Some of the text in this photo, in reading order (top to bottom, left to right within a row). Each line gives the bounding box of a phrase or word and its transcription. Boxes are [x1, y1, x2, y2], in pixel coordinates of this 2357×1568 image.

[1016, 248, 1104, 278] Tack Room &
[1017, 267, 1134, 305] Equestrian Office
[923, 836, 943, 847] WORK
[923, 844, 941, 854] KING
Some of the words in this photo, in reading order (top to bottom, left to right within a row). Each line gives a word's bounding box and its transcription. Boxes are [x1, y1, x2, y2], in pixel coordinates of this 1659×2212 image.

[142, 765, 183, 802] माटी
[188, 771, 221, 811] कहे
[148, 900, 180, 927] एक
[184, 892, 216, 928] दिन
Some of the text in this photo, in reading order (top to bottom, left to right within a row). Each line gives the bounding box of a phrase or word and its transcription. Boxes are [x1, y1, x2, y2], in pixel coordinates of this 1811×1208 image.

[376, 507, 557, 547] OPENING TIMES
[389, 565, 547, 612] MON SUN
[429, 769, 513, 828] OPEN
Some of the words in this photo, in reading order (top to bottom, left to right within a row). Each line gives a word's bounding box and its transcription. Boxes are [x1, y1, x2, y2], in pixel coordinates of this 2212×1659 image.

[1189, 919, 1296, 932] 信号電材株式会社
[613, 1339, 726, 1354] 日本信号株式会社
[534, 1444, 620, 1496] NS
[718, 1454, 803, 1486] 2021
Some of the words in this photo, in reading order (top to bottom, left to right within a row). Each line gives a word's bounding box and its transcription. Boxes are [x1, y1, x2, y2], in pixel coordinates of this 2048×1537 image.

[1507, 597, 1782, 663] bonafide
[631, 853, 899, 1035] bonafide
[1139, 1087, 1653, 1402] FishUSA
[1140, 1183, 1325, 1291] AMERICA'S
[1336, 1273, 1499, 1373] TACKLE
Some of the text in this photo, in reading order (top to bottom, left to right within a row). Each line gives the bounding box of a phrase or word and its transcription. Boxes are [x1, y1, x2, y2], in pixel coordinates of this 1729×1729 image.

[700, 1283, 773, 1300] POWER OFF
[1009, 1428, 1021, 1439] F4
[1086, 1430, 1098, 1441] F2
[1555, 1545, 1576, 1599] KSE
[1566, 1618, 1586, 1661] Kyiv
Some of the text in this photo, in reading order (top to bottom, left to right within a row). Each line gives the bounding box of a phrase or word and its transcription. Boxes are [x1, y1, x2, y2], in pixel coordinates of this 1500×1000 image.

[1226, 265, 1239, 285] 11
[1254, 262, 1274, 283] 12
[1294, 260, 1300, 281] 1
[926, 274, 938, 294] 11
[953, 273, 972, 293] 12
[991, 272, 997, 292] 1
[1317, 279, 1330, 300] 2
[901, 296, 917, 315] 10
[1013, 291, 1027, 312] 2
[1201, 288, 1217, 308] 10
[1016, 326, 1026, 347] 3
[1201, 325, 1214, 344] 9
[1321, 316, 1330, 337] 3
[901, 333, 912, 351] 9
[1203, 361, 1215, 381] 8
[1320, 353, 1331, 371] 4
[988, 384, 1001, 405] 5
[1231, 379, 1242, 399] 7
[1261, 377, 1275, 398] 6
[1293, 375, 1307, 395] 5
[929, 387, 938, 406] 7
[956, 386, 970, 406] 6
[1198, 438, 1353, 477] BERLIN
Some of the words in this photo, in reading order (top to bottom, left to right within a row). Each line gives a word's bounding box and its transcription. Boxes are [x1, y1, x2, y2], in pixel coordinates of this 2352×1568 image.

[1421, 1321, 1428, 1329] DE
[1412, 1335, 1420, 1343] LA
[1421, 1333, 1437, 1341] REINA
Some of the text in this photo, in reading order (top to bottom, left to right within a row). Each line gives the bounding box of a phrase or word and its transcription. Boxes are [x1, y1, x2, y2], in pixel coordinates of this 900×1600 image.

**Your objective**
An exact copy of the listing above is what is wanted.

**Solution**
Some of the text in this photo, in reading order (top to bottom, left to right within a row). Each line gives the bounding box of a phrase or word and its transcription. Boxes are [x1, y1, x2, y2], in pixel coordinates of this 2357×1568 image.

[1016, 248, 1104, 278] Tack Room &
[1017, 267, 1134, 305] Equestrian Office
[923, 836, 943, 847] WORK
[923, 844, 941, 854] KING
Some of the words in this photo, in reading order (top to bottom, left to right within a row). Each line gives a word's bounding box and its transcription. Boxes are [x1, y1, x2, y2], in pixel coordinates of this 1659×2212 image.

[142, 765, 183, 802] माटी
[188, 771, 221, 811] कहे
[148, 900, 180, 927] एक
[184, 892, 216, 928] दिन
Some of the text in this photo, in reading order (top to bottom, left to right within a row). Each line gives the bounding box of a phrase or word and its transcription. Boxes are [x1, y1, x2, y2], in pixel coordinates of this 1811×1208 image.

[376, 507, 557, 547] OPENING TIMES
[389, 565, 547, 612] MON SUN
[429, 769, 513, 828] OPEN
Some of the words in this photo, in reading order (top to bottom, left to right within a row). Each line gives a word's bounding box and its transcription. Boxes are [x1, y1, x2, y2], in pixel coordinates of this 2212×1659 image.

[1189, 919, 1296, 932] 信号電材株式会社
[613, 1339, 726, 1354] 日本信号株式会社
[534, 1444, 620, 1496] NS
[718, 1454, 803, 1486] 2021
Some of the words in this photo, in reading order (top to bottom, left to right within a row). Each line gives a word's bounding box and its transcription. Boxes are [x1, y1, x2, y2], in pixel coordinates of this 2048×1537 image.

[1507, 597, 1782, 663] bonafide
[631, 853, 899, 1035] bonafide
[1139, 1087, 1653, 1402] FishUSA
[1140, 1183, 1325, 1291] AMERICA'S
[1336, 1273, 1499, 1373] TACKLE
Some of the text in this photo, in reading order (top to bottom, left to right within a row). Each line gives the bounding box of a phrase or word and its transcription. Boxes are [x1, y1, x2, y2], in pixel coordinates of this 1729×1729 image.

[700, 1283, 773, 1300] POWER OFF
[1009, 1428, 1021, 1439] F4
[1086, 1430, 1098, 1441] F2
[1555, 1545, 1576, 1599] KSE
[1566, 1618, 1586, 1661] Kyiv
Some of the text in this photo, in reading order (top to bottom, left to right within a row). Each line gives the bounding box of a phrase or word and its transcription. Boxes are [x1, y1, x2, y2], in pixel coordinates of this 1500×1000 image.

[1226, 265, 1239, 285] 11
[1254, 262, 1274, 283] 12
[1294, 260, 1300, 281] 1
[926, 274, 938, 294] 11
[953, 273, 972, 293] 12
[991, 272, 997, 292] 1
[1317, 279, 1330, 300] 2
[901, 296, 917, 315] 10
[1013, 291, 1027, 312] 2
[1201, 288, 1217, 308] 10
[1016, 326, 1026, 347] 3
[1201, 325, 1214, 344] 9
[1321, 316, 1330, 337] 3
[901, 333, 912, 351] 9
[1203, 361, 1215, 381] 8
[1320, 353, 1331, 371] 4
[988, 384, 1001, 405] 5
[1231, 379, 1242, 399] 7
[1261, 377, 1275, 398] 6
[1293, 375, 1307, 395] 5
[929, 387, 938, 406] 7
[956, 386, 970, 406] 6
[1198, 438, 1353, 477] BERLIN
Some of the words in this photo, in reading order (top to bottom, left to right within a row). Each line gives a word's bounding box and its transcription. Boxes are [x1, y1, x2, y2], in pixel coordinates of this 2352×1568 image.

[1421, 1321, 1428, 1329] DE
[1412, 1335, 1420, 1343] LA
[1421, 1333, 1437, 1341] REINA
Some of the text in this photo, in reading order (top to bottom, left to right within a row). Each line gives the bounding box of a phrase or word and its transcription. Boxes are [x1, y1, x2, y2], in pixel coordinates of this 900×1600 image.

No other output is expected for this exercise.